(Stored entries)
-- Opening Marker --

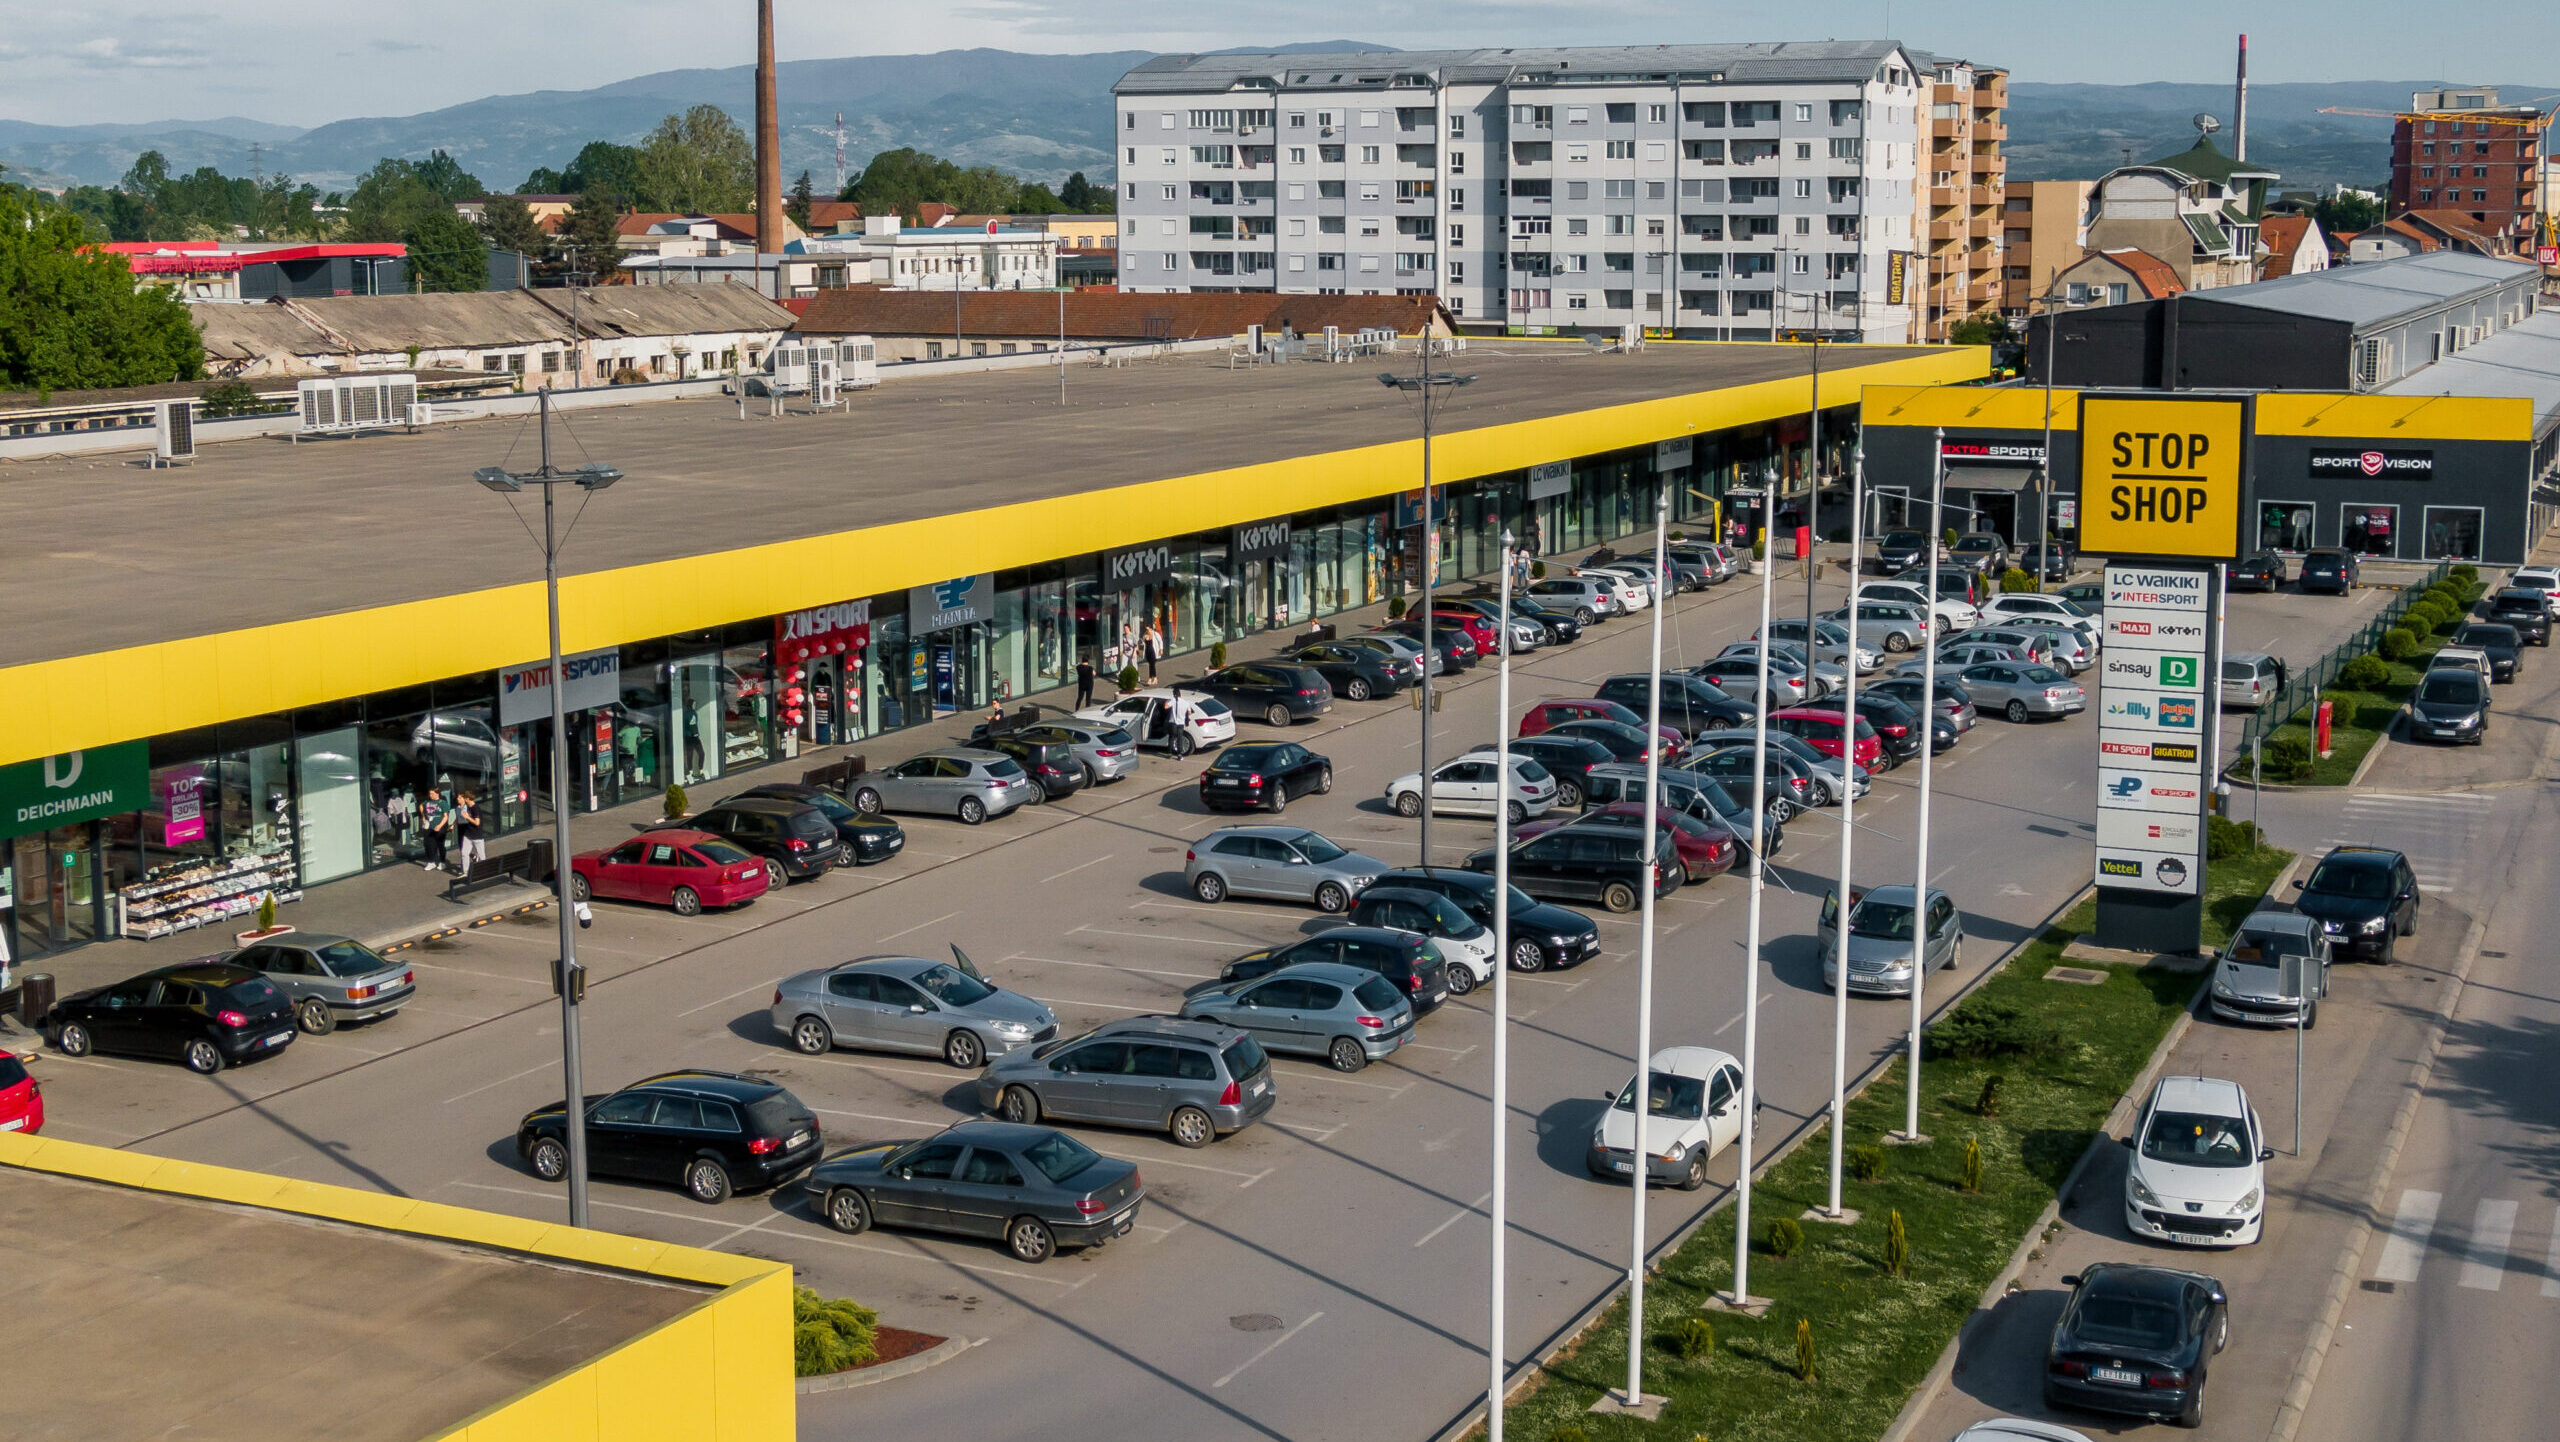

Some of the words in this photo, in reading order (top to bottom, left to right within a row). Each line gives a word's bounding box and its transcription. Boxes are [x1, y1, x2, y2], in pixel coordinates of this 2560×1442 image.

[1890, 253, 1902, 303] GIGATRON
[1941, 445, 2045, 457] EXTRASPORTS
[2112, 431, 2210, 470] STOP
[2312, 457, 2361, 468] SPORT
[2384, 458, 2432, 470] VISION
[2110, 485, 2208, 524] SHOP
[2113, 573, 2134, 586] LC
[2122, 592, 2199, 605] INTERSPORT
[813, 598, 873, 635] SPORT
[2122, 623, 2149, 634] MAXI
[520, 653, 620, 691] INTRSPORT
[2108, 660, 2152, 678] sinsay
[2170, 661, 2188, 678] D
[2127, 702, 2151, 719] lilly
[2120, 746, 2148, 755] SPORT
[2153, 747, 2195, 758] GIGATRON
[44, 751, 84, 788] D
[171, 777, 200, 795] TOP
[17, 790, 113, 822] DEICHMANN
[2102, 861, 2140, 875] Yettel.
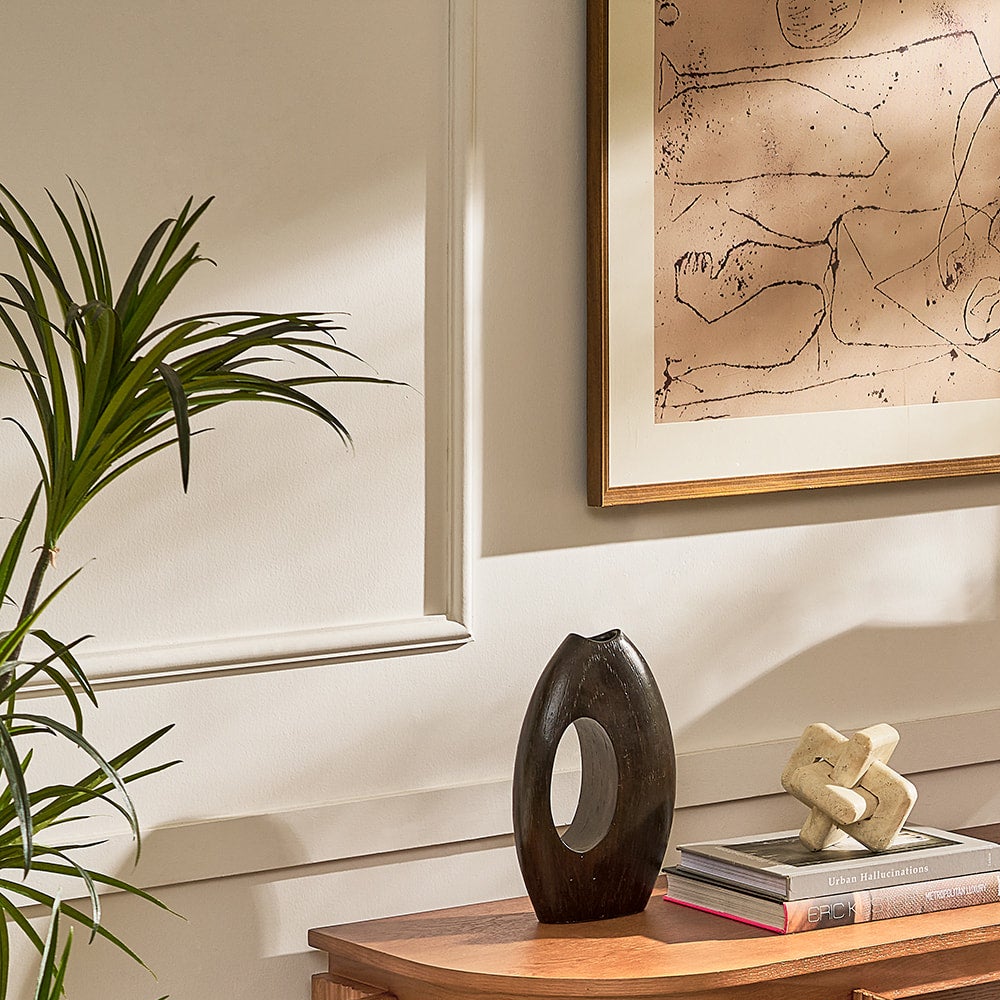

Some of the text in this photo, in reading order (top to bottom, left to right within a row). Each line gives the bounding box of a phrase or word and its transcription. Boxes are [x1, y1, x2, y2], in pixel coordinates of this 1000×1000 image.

[827, 864, 929, 887] Urban Hallucinations
[807, 902, 845, 923] ERIC

-- Closing Marker --

- [What the task requires]
In the answer, include exactly the lines from the line containing "Some of the text" through the end of the data, and nothing else.

- [Worked solution]
Some of the text in this photo, in reading order (top to bottom, left to right within a row). Each line gives the bounding box of a phrase or word and its transcription. Boxes are [x1, y1, x2, y2], in pixel coordinates of this 1000×1000 image.

[827, 864, 929, 887] Urban Hallucinations
[807, 902, 845, 923] ERIC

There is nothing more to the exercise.